Ele não se mexeu. O inimigo voou em sua direção, o punhal rodando a toda velocidade, combinada com uma agilidade que assustaria qualquer um.

Exceto que isso não o impressionou. A rapidez de seu mestre era dezenas de vezes maior, esse elfo nem mesmo se comparava.

O inimigo chegou na distância de um golpe, apunhalando em linha reta. 

Uma mão de Lucas bateu no palmo que segurava a arma, abaixando-o, enquanto o tronco rotacionou para o lado e transferiu sua força num jab.

Não fora muito efetivo, mas se combinado com a arte Um Dois Potencializado, as coisas mudavam. Um segundo soco veio, acertando o peito do oponente e o jogando contra o ar.

Lucas aproveitou a janela para respirar. 

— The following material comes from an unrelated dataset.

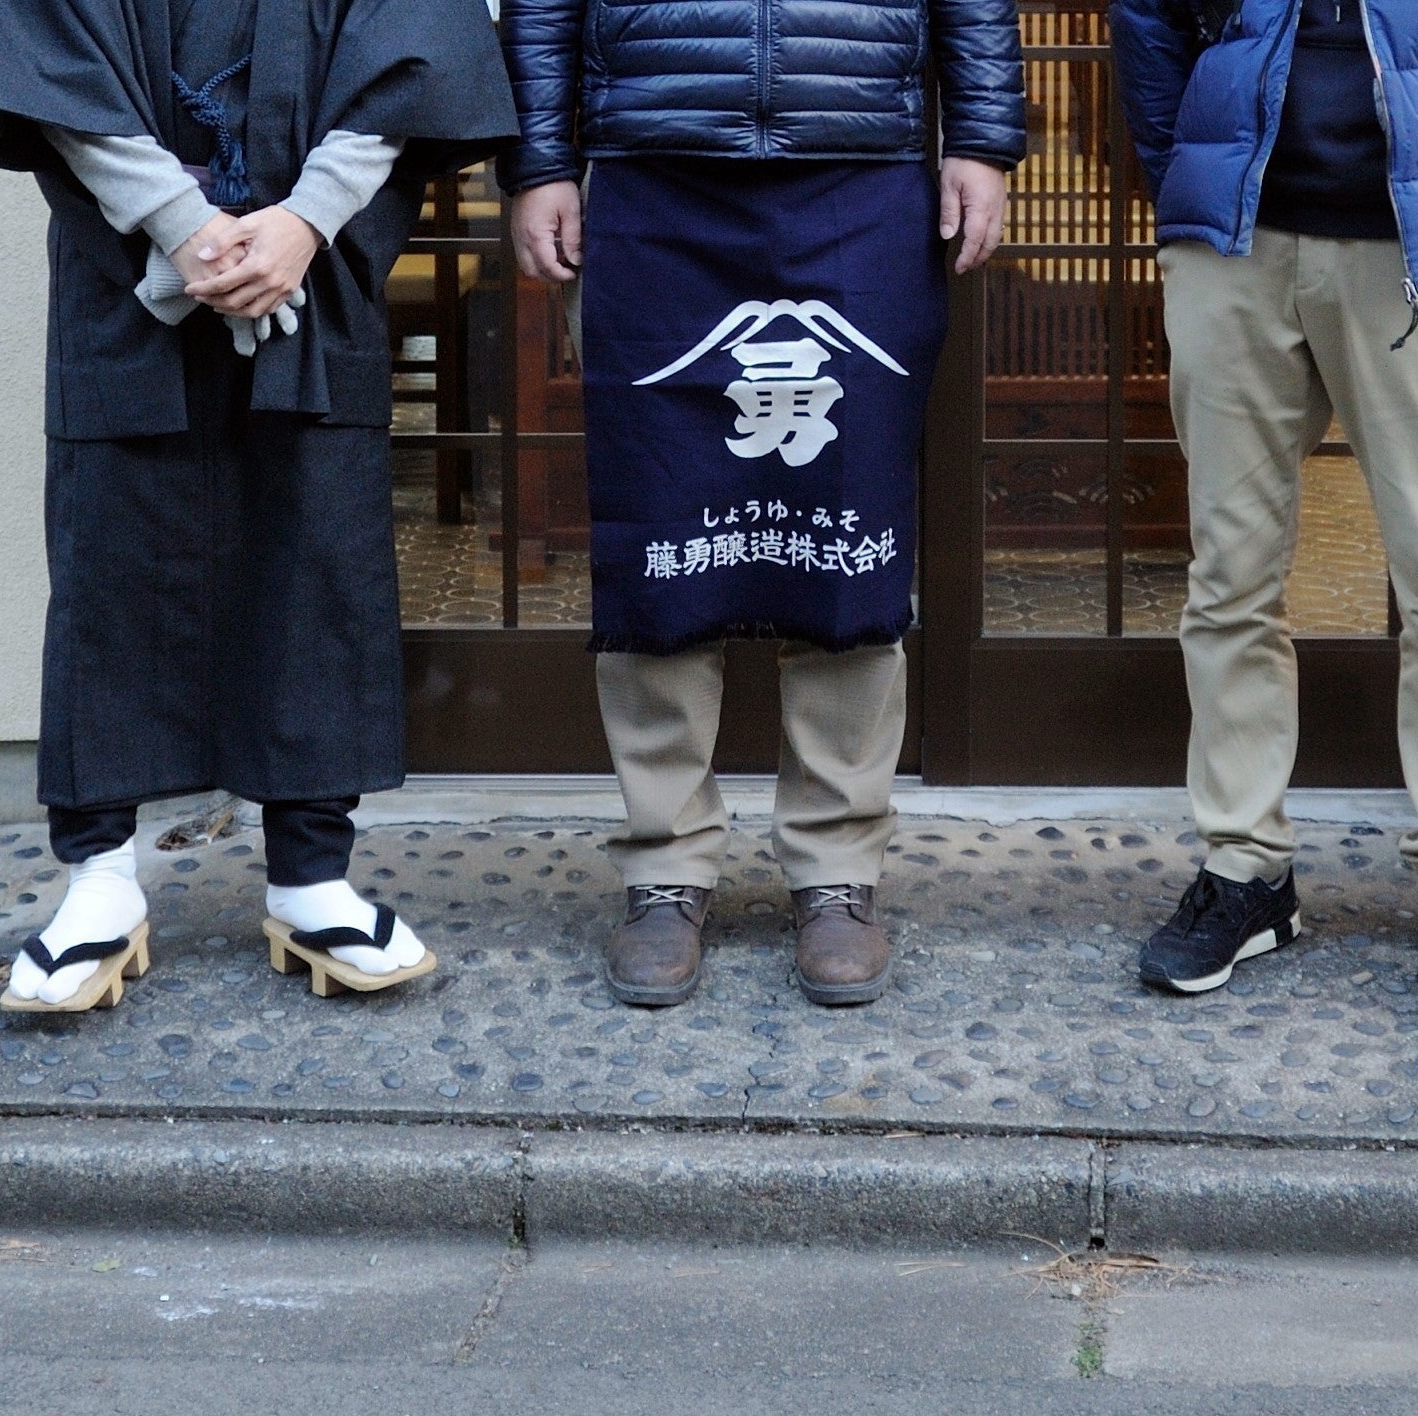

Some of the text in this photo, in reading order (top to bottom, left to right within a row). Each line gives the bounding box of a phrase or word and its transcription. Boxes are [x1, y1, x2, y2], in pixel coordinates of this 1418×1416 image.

[703, 499, 861, 533] しょうゆ・みそ

“Cacete, eu pensei mesmo que ia acertar! Que sensação estranha, meu corpo se moveu por conta própria!”

Um sorriso apareceu nesse rosto. Grande parte da sensação ruim desapareceu ao reparar como essas duas artes entravam em harmonia.

A excitação tomou conta de sua alma. Seus olhos brilharam em chamas profundas. Essa era a sensação que desejava, o sentimento que buscava tanto.

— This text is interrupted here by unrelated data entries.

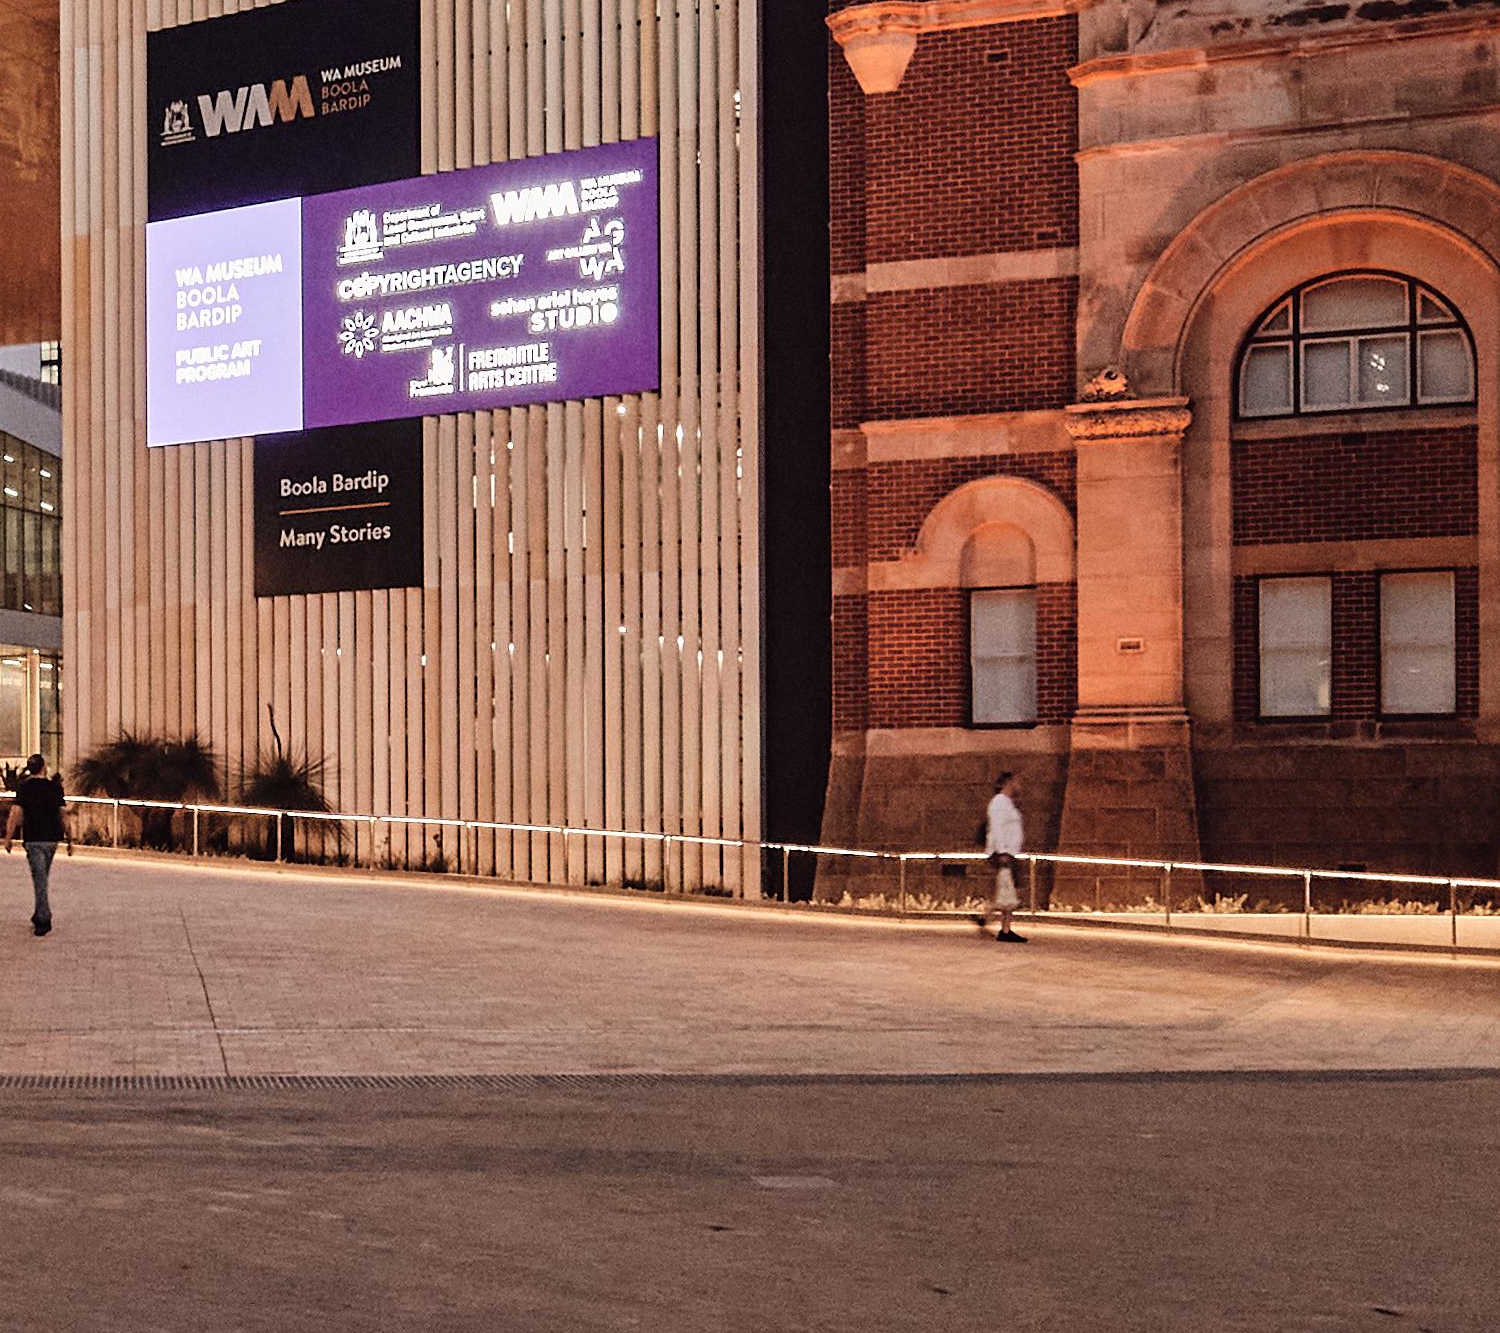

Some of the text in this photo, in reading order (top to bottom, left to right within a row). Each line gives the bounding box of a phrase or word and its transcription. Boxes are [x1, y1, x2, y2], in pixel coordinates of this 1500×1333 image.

[321, 55, 402, 83] WA MUSEUM
[321, 79, 369, 99] BOOLA
[197, 75, 315, 137] WAM
[321, 94, 371, 115] BARDIP
[175, 254, 283, 287] WA MUSEUM
[176, 283, 239, 309] BOOLA
[176, 304, 242, 331] BARDIP
[530, 303, 618, 332] STUDIO
[175, 340, 261, 366] PUBLIC ART
[469, 342, 549, 370] FREMANTLE
[175, 359, 250, 384] PROGRAM
[469, 370, 505, 391] ARTS
[506, 363, 557, 389] CENTRE
[280, 470, 389, 497] Boola Bardip
[280, 523, 391, 550] Many Stories

Estava numa desvantagem, seus atributos drasticamente reduzidos, sem equipamentos, e mesmo assim seu punho fez o inimigo voar.

Cerrou ambas as mãos, seu corpo lentamente aumentando sua velocidade em disparada ao inimigo. Era hora da adrenalina correr por todo cérebro!

O punhal veio em sua direção, os pés de Lucas chutaram com força o chão e mudaram repentinamente sua trajetória, fazendo-o passar pelo flanco do elfo em direção as costas.

 

A skill Contra-Ataque ativou.

O dano se amplificou grandemente.

 

Um cruzado acertou suas costelas, seguido por um chute nas costas que o empurrou. O elfo cambaleou, contorcendo ainda mais, porém o rapaz mais uma vez o perseguiu.

Assim que seu inimigo se virou, um gancho acertou seu queixo, seguido pelo Um Dois Potencializado e um repentino relaxamento de seus ombros.

Naquele instante haveria um ataque, que errou e teve como retaliação um chute na panturrilha, afundando em parte na região. 

Esse golpe, no entanto, não abriu uma nova distância. O elfo corrompido agarrou a perna de Lucas com uma das mãos e estendeu o punhal para cima.

Ele pretendia aproveitar ao máximo da abertura, mas um soco na lâmina do punhal impediu, seguido por uma cabeçada em direção ao seu nariz que o tirou em parte de seus sentidos.

Aquilo não era planejado, na verdade por um momento temeu que perdesse a carne da perna, até suor frio passou pelas suas costas por tamanho susto.

Estava se virando bem suas magias. O inimigo era mais fraco que o esperado, talvez fosse a sorte falando alto demais.

“Ele está indo bem…”, pensou Solein, camuflada no meio da neve e atentamente prestando atenção ao que acontecia à sua frente. “Não chegou ainda na pior parte, quer dizer que as coisas estão indo devagar. O que aquele elfo corrompido espera?”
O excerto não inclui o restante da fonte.